Disclaimer: This metaphor is not meant to belittle any little children.
You know how sometimes you’ll read about kids who go away to a camp with other kids who have the same issues, ya know like all the diabetic kids go away together, or the inner city kids, and they go away to just feel normal, or to realize that there are other kids just like them? Well that’s how I felt while at ISTE this week. During the school year, I spend so much of my time trying to influence change, or trying to cause shift, that sometimes I feel like the odd man out. Like, I’m fighting against the current, gotta keep on keeping on. But this week, I felt like I was moving with the current, like I could just relax and see where the current would bring me. Like I could talk to people like me. And it was a blast!
Actually, that’s not completely true. The truth is that while I was there I felt humbled. During my first digital storytelling session I walked in so proud of the project that I had done with my students and local senior citizens, but left in awe of the Cybersmart Africa
project that was presented at the Digital Storytelling SIG
. I thought that the Digital PLN stuff that we presented at our poster session was pretty neat, but it couldn’t compare with Alan November’s reminders that we need to keep the global perspective in mind and see things from multiple points of view.

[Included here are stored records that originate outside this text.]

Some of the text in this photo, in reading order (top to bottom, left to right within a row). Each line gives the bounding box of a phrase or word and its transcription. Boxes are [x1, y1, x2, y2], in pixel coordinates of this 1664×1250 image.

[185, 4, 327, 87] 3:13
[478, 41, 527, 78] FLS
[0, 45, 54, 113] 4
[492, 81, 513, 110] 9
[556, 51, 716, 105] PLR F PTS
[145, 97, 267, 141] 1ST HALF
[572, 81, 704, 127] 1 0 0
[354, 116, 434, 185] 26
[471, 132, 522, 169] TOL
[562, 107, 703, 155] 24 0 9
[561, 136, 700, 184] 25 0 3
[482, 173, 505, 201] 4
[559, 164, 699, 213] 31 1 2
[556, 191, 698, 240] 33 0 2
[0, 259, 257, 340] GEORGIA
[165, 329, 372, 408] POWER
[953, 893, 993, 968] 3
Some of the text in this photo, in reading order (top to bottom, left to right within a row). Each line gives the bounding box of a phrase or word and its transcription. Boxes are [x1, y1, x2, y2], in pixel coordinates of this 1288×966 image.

But the funny thing is, as interesting as the concurrent sessions were, that’s not where I think I grew the most. I grew while at the Google party and chatting while someone lent me an Iphone charger. I grew while standing in line for coffee and talking to the Australian participant who responded that yes, he had come to the US for the first time, “just for this”. I learned while eating lunch with my JHU colleagues (and now friends) while we discussed what our schools are doing and how similar and different they are. I even learned about how much to be silly with planking. (especially after finishing your poster session).

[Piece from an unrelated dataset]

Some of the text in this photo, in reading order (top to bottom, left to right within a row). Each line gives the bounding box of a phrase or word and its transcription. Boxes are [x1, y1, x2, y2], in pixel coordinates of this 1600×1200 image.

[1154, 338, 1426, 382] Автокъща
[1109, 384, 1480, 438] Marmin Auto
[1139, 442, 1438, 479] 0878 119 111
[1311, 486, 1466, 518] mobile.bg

And I learned so much about the power of humanity and social networking when I had random talks with my roommate who let me share her room even though we had only met once in person and randomly through twitter a few times this year. The conversations we had about teaching, learning, and leading, were some of the best of the week. And she even found me chocolate and a bag from the vendors. Truly, it was the connections and the conversations that helped me to learn and grow the most
I went to Philadelphia by myself, but once I got there I realized I wasn’t alone. There were others who could “planked” around ISTE, loved Phish as much as technology, and really like me are discouraged at the status quo but excited about the potential future of education. Thanks to everyone who inspired me, humored me, and engaged me. Can’t wait to do it again!